It was 1854 when Sophia and Fernando Kelton built their spacious, two-story brick Victorian Greek Revival home. The residence provided enough room to raise their four sons and two daughters. Today, the home has been transformed into a museum that has a reputation for being haunted with ghosts. In this article, you will learn background regarding the Columbus, Ohio site of paranormal activity.
Sophia and Fernando Kelton raised six children in their home , although a son Charles died in early childhood. Three generations would call the Kelton place their home until the Columbus Foundation decided that it was time to restore it to a house museum after the last relatives moved on from the residence. They wished to offer public tours and use the space to host weddings, receptions and events.

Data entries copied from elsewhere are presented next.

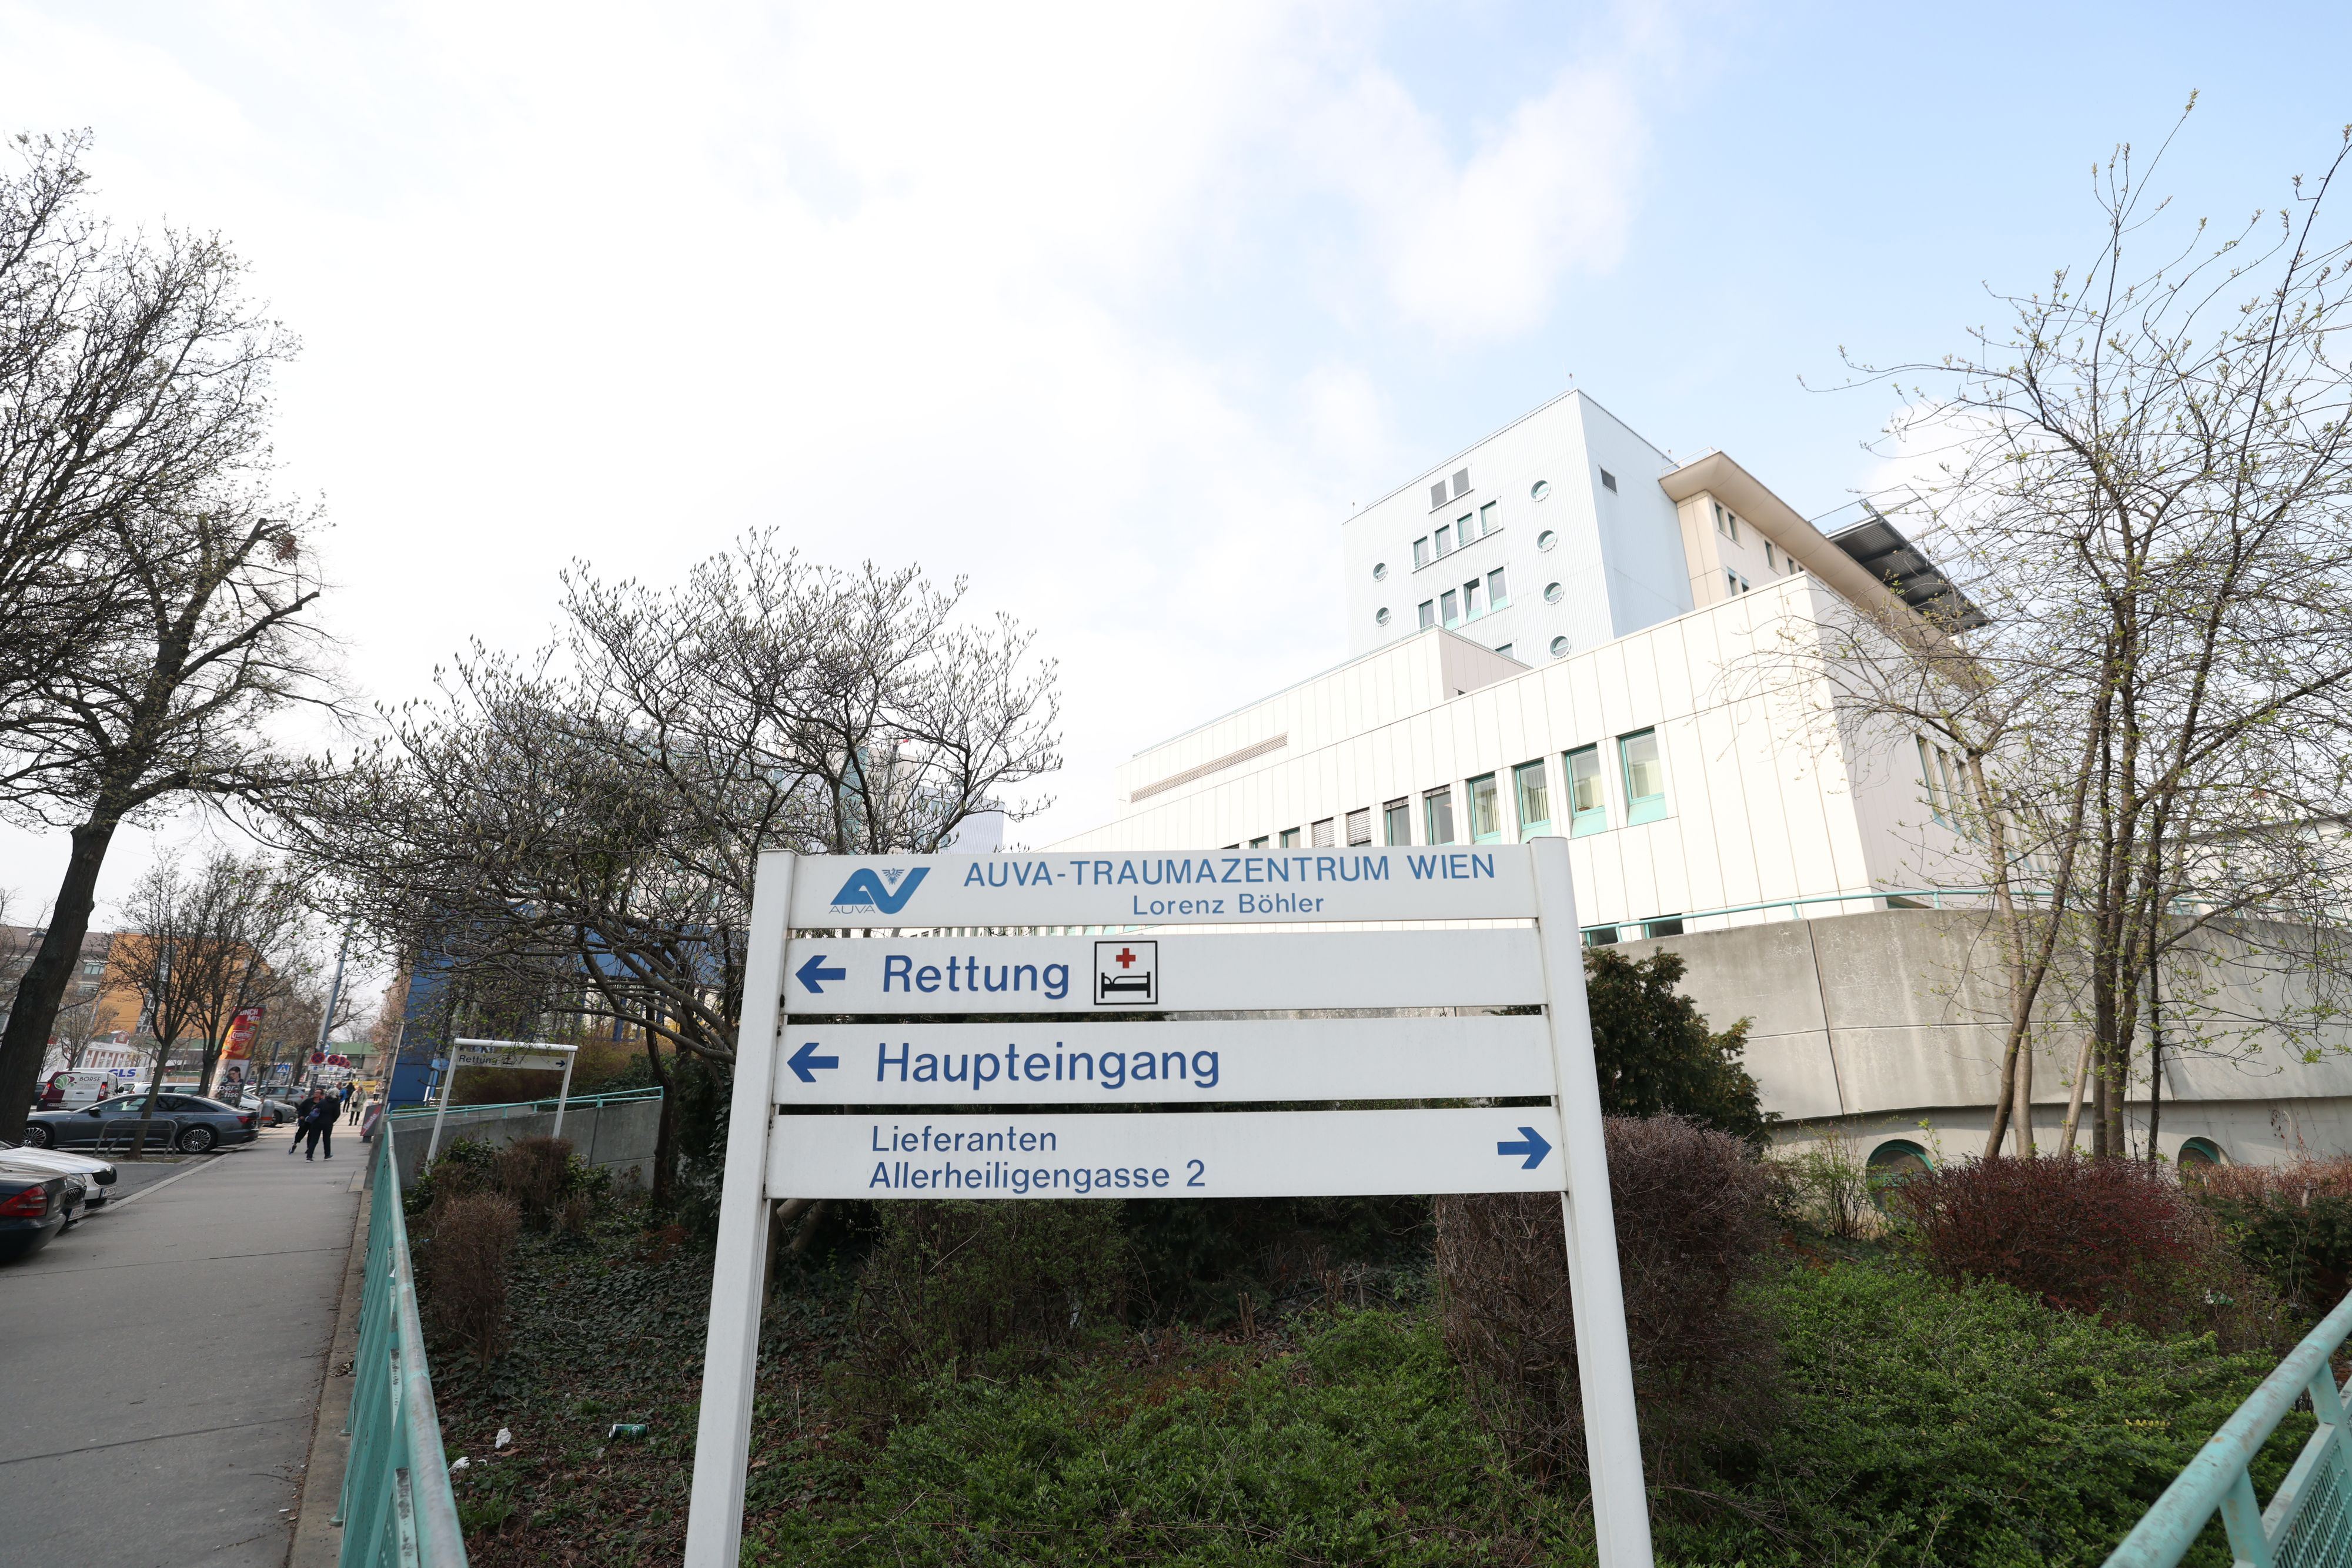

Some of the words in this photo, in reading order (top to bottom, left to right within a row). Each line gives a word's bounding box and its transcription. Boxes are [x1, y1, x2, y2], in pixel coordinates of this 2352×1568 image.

[963, 855, 1389, 888] AUVA-TRAUMAZENTRUM
[1406, 854, 1495, 880] WIEN
[828, 904, 876, 914] AUVA
[1132, 895, 1225, 916] Lorenz
[1238, 892, 1324, 914] Böhler
[883, 955, 1070, 1001] Rettung
[108, 1069, 136, 1077] GLS
[877, 1041, 1220, 1091] Haupteingang
[872, 1125, 1057, 1152] Lieferanten
[869, 1161, 1170, 1194] Allerheiligengasse
[1187, 1159, 1205, 1187] 2

At the time, the exterior of the home was still impressive and offered a brick outside with a decorative wrought-iron balcony. Victorian-style dÃƒÂ©cor was found inside of the home , delivering a peek back into the 1900s.

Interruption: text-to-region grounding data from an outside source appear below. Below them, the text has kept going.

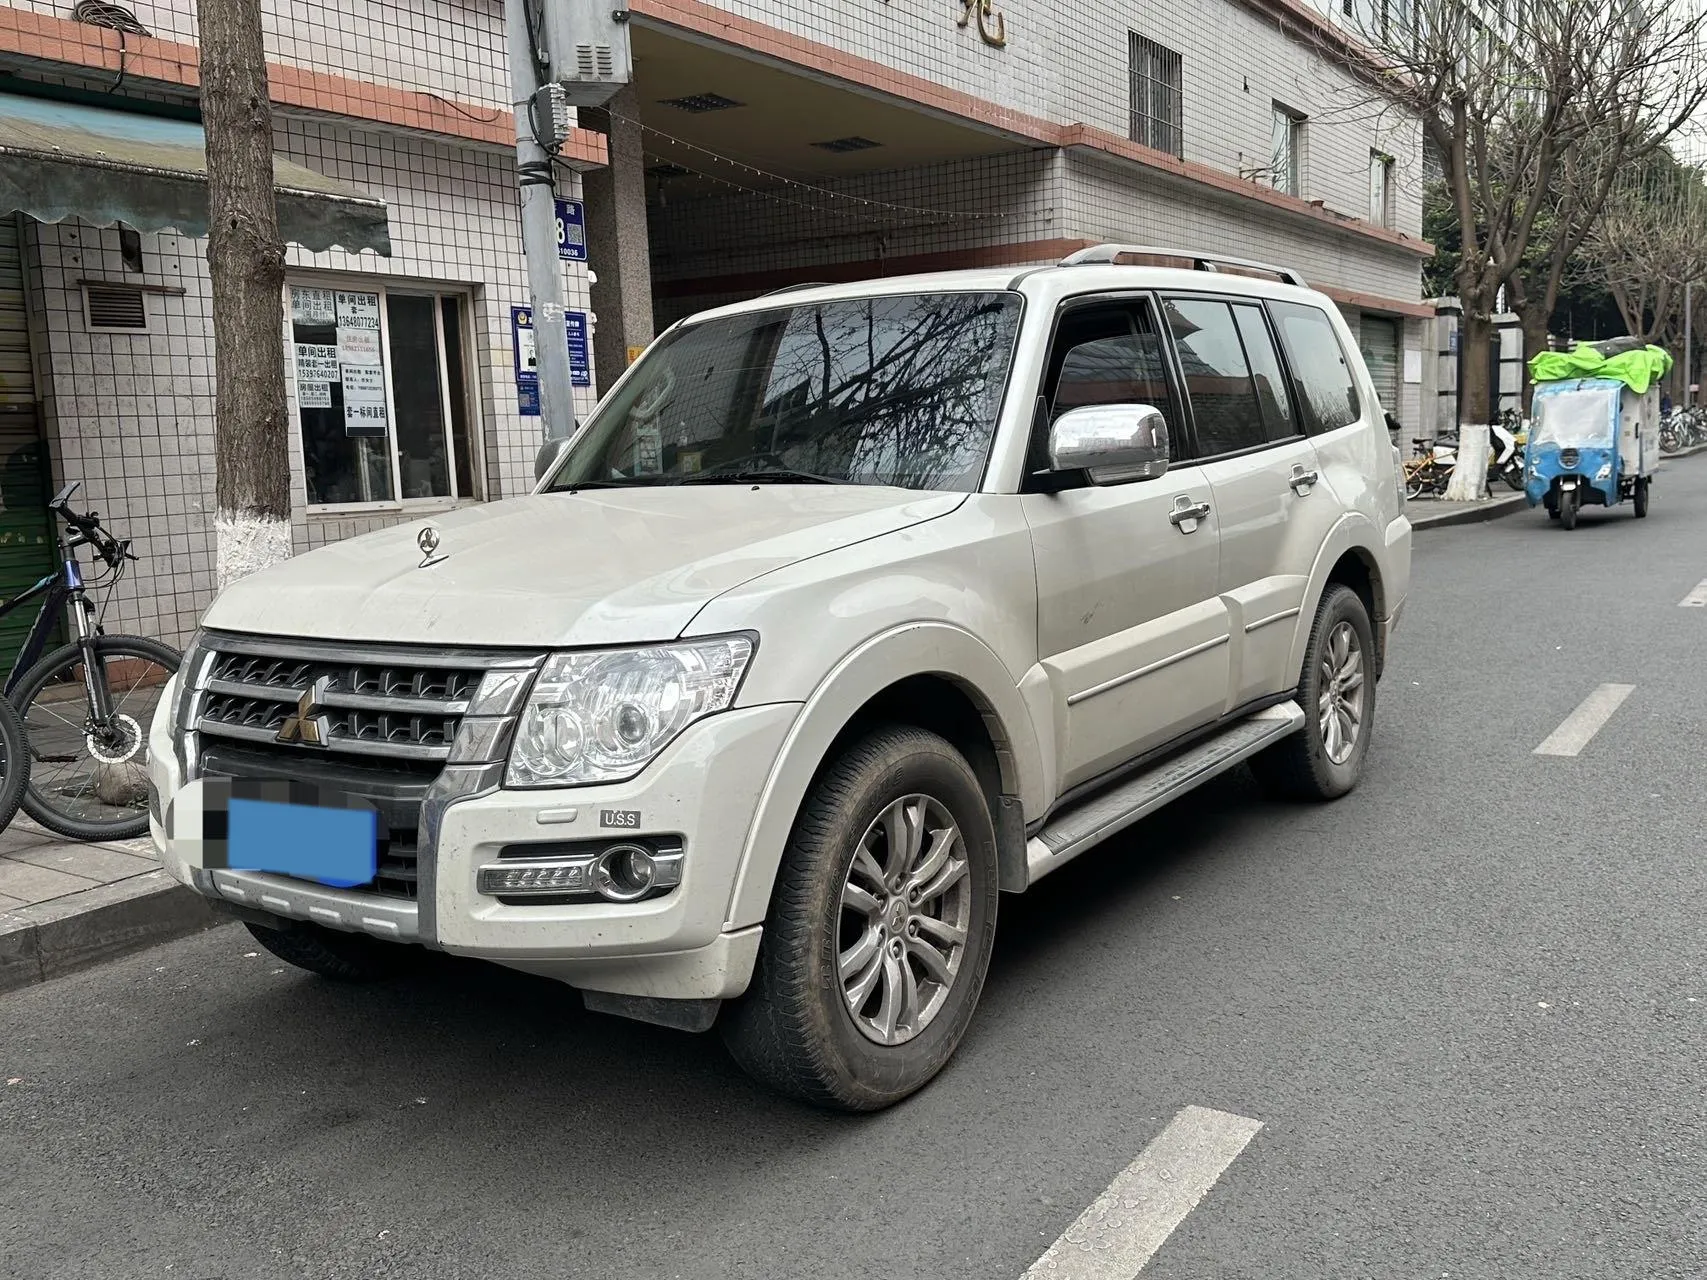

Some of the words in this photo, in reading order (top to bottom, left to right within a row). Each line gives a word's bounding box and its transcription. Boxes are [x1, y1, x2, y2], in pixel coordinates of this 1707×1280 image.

[559, 248, 578, 257] 10036
[292, 300, 333, 311] 单间出租
[338, 294, 376, 307] 单间出租
[350, 306, 365, 314] 套一
[339, 315, 379, 328] 13648077234
[299, 346, 337, 358] 单间出租

In the early days of the home, Sophia was a well organized, money-saving homemaker, who enjoyed playing hostess to family gatherings. She was in charge of the family books and also ran the household, including managing the servants. When guests paid a visit to the home, she was the one who entertained the visitors. Sophia was also good at staying ahead of her children. For example, when her sons reached their teenage years and felt tempted to drink and gamble at parties outside of the home, Sophia brought a billiards table into one of the front parlors, which successfully kept the boys closer to home and out of trouble.
The oldest daughter of the Keltons had thoughts of literary success, but her social standing did not allow her to pursue her dreams. She kept a detailed scrapbook of her thoughts, favorite poems, and other literary knick-knacks.
Faith and strong beliefs governed the Kelton family. They also had a reputation for being kind and generous. For example, Sophia and Fernando were actively involved in the anti-slave society. Their barn and cistern often became a haven for slaves on the run. It is also assumed that they partook in the underground railroad. One time, Sophia found a sick slave girl in the bushes, who was only 10 years old. She nursed the child back to health, but also gave her a home for 10 years. When the girl became a young woman, she married the Kelton’s cabinet maker in the front parlor.
The Keltons surely loved their home, as it is said that the ghosts of some family members still haunt the premises. If you are interested in learning more about the house or paying a visit, the Kelton House Museum & Garden is located on 586 East Town Street in Columbus, Ohio.